Нилоты любят правду, особенно тогда, когда в интересах говорящего ее лучше было бы утаить. По толпе прокатился гул одобрения тому, что я не скрыл своих намерений.
— Покажи нам хоть одно место, где бы ты мог спрятаться и наблюдать за нами, — властно потребовал юноша в венке.
Я указал на плоский, поросший кустами останец, возвышавшийся километрах в трех от нас. Конечно, в бинокль я бы мог кое-что разглядеть оттуда, но о том, чтобы на таком расстоянии сделать приличные снимки, и думать было нечего.
— Если твои трубы увидят с этого утеса нас, значит, отсюда ты так же хорошо можешь рассмотреть и что делается на утесе, — посовещавшись с товарищами, произнес юноша.

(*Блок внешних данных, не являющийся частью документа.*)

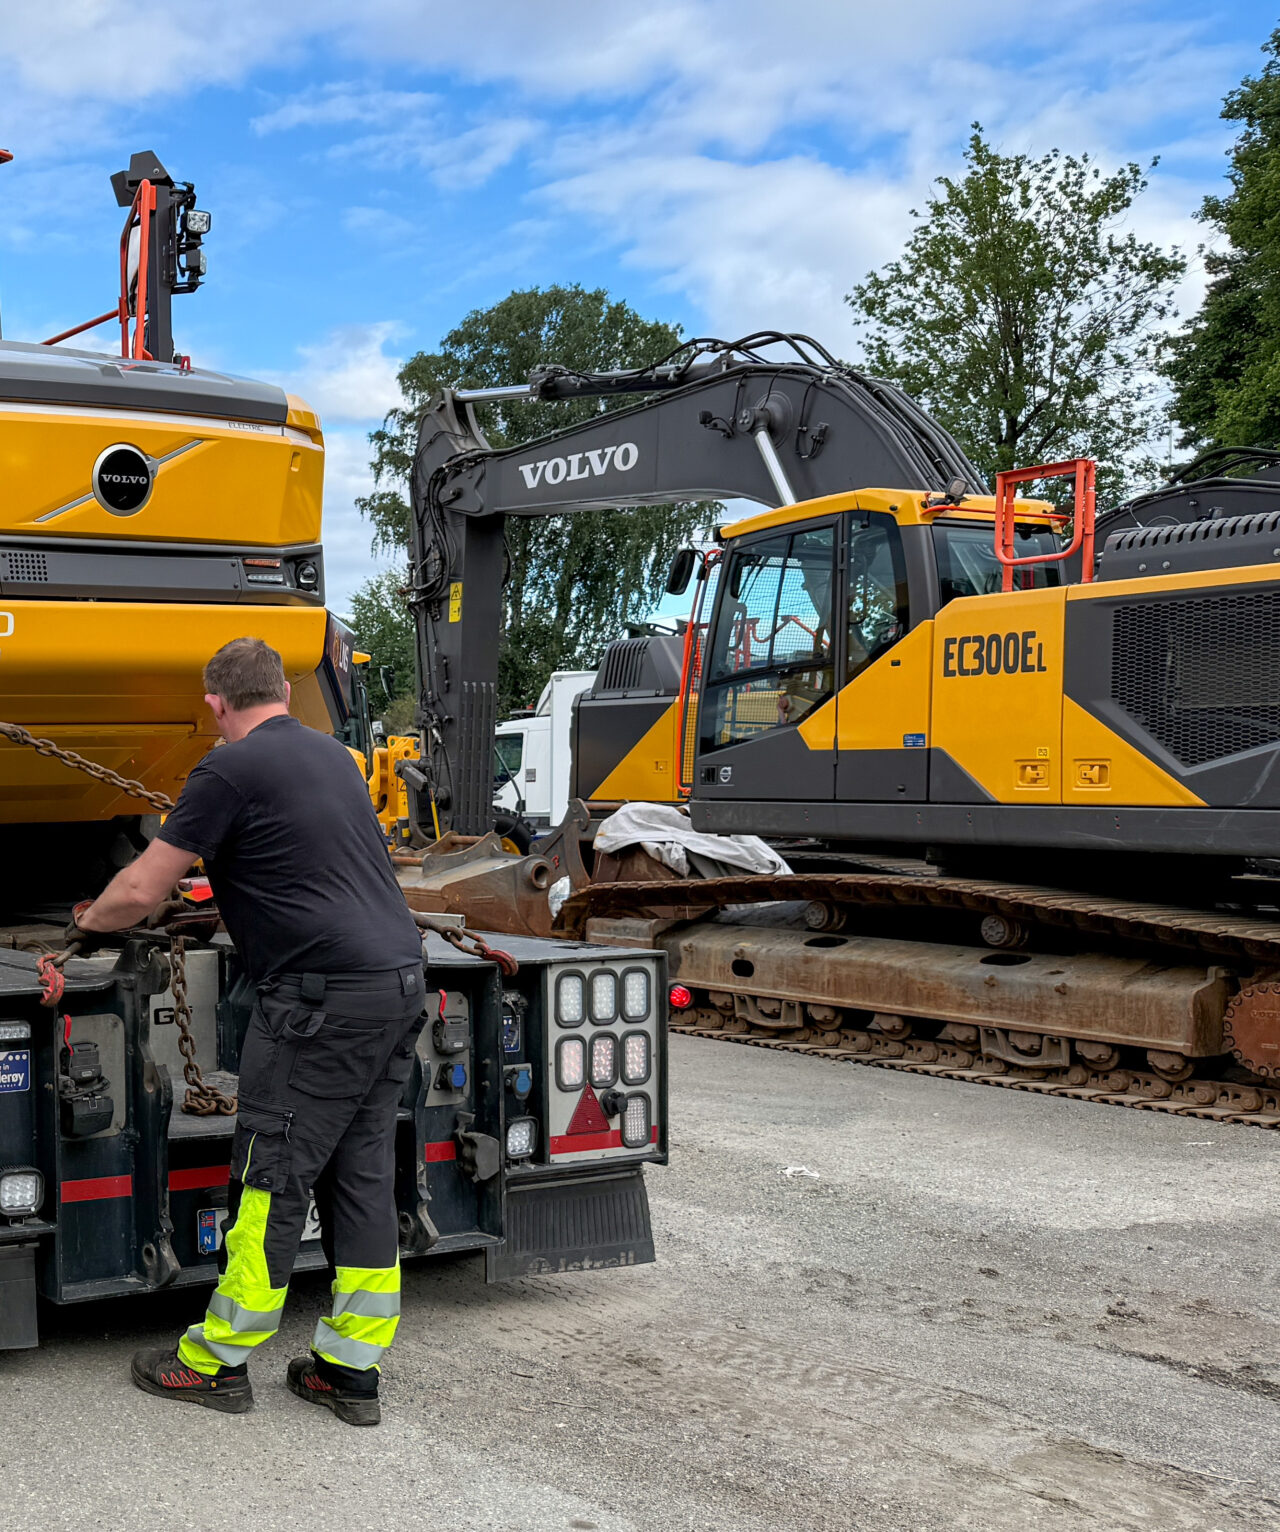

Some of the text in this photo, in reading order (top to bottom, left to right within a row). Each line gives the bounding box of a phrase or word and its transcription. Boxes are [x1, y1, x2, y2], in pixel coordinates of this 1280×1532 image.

[518, 442, 639, 489] VOLVO
[101, 474, 148, 485] VOLVO
[204, 1235, 212, 1245] N
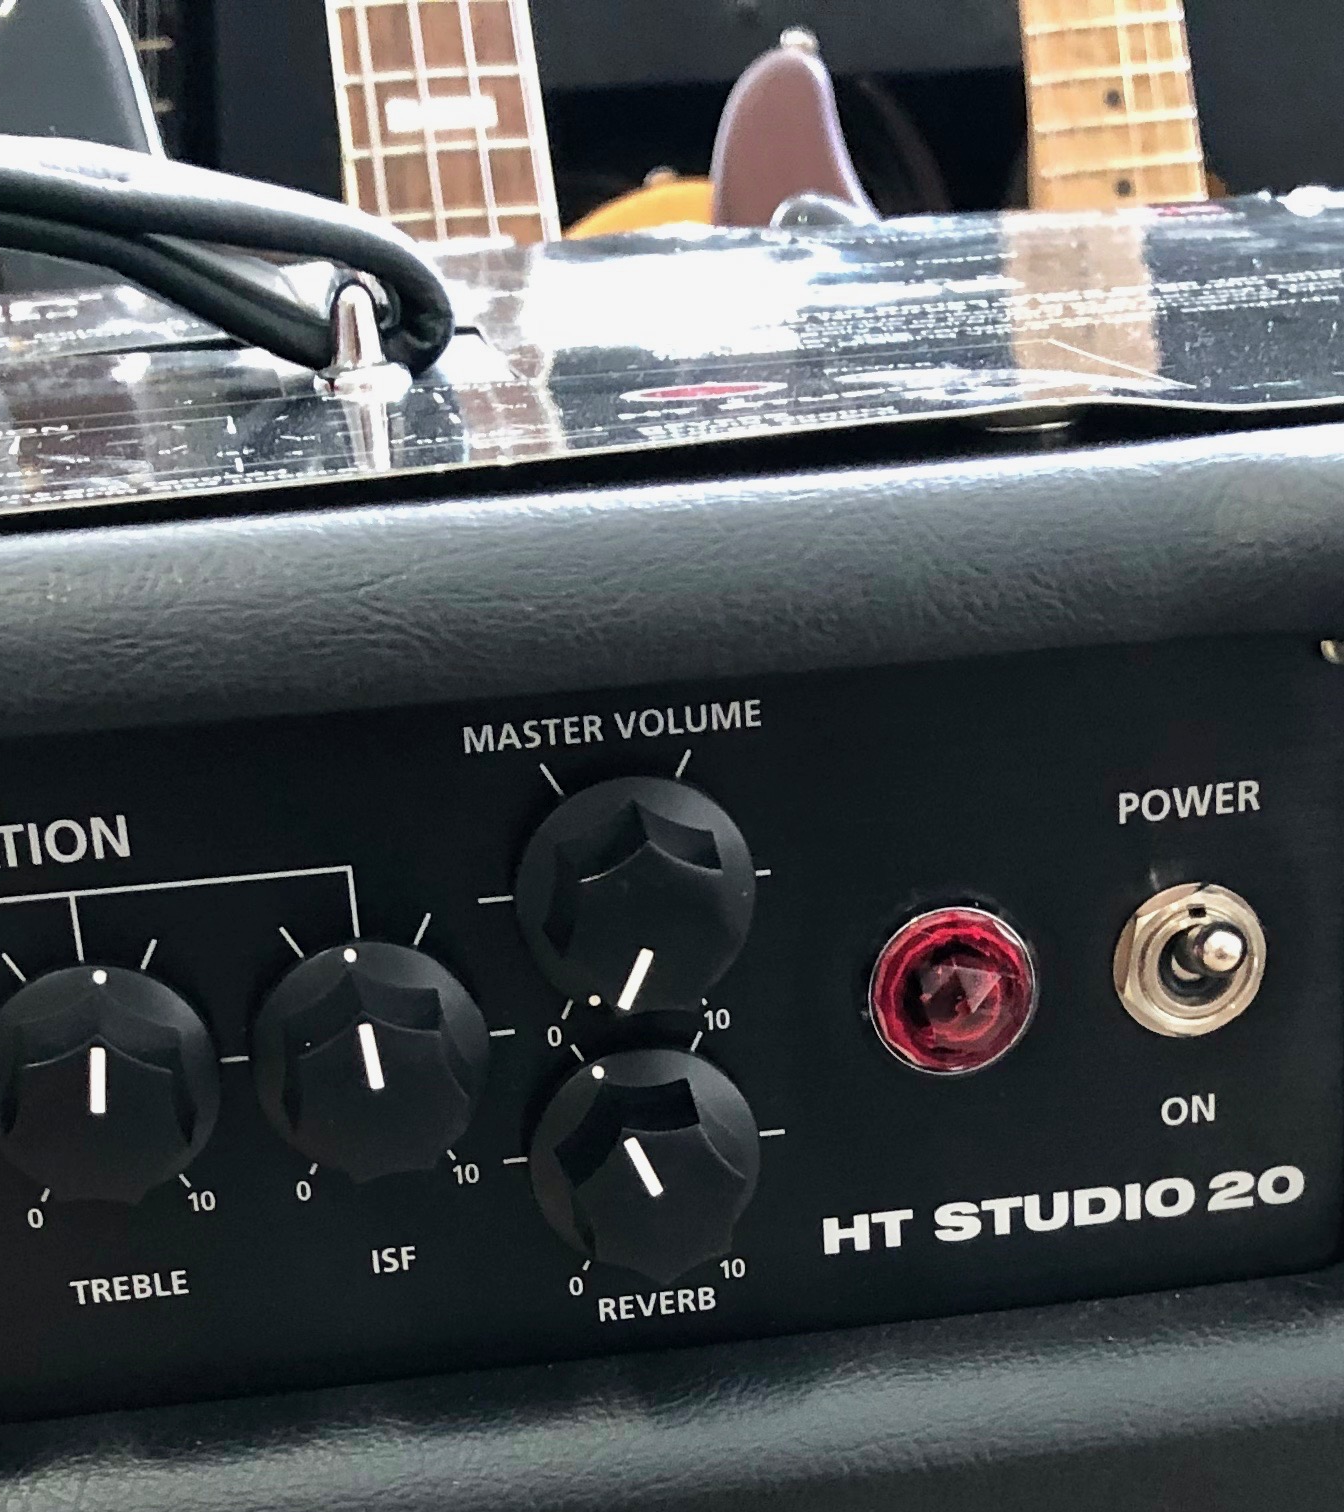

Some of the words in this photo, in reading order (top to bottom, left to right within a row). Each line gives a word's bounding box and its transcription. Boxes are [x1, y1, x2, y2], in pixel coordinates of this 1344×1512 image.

— Конечно, — ответил я и навел бинокль на утес. — Там среди кустов на двух больших камнях сидят два дамана размером чуть меньше своих товарищей, — улыбаясь, сказал я и протянул ему бинокль.
— Верно, там сидят два дамана, — подтвердил он и передал бинокль по кругу.
Не меньше часа разглядывали юноши даманов, о чем-то оживленно спорили, кричали и смеялись. А я сидел рядом с ослами и слушал, как стучит мое сердце: да — нет, да — нет, да — нет…
Потом юноша в страусовом венке пошел в хижину одного из старейшин — мзее Лангидо. Вскоре тот появился в дверях своего жилища и направился ко мне.
— Мораны сказали «да», — улыбнулся Лангидо и протянул мне руку.
Потом все мораны тоже подходили ко мне, приветливо улыбались, хлопали по плечу и пожимали мою руку.
Когда процедура приветствия закончилась и я начал сгружать с ослов багаж, Лангидо вновь подошел ко мне.
— Тебе повезло, мхашимиува[13], — проговорил он. — Еще сегодня утром, когда я предупредил моранов о твоем приезде, большинство из них не хотели принять тебя. Но ты был прям и честен с ними. «Этот человек ведет себя как моран, и поэтому он может быть с нами и узнать, как появляются новые мораны», — решили они, поговорив с тобой.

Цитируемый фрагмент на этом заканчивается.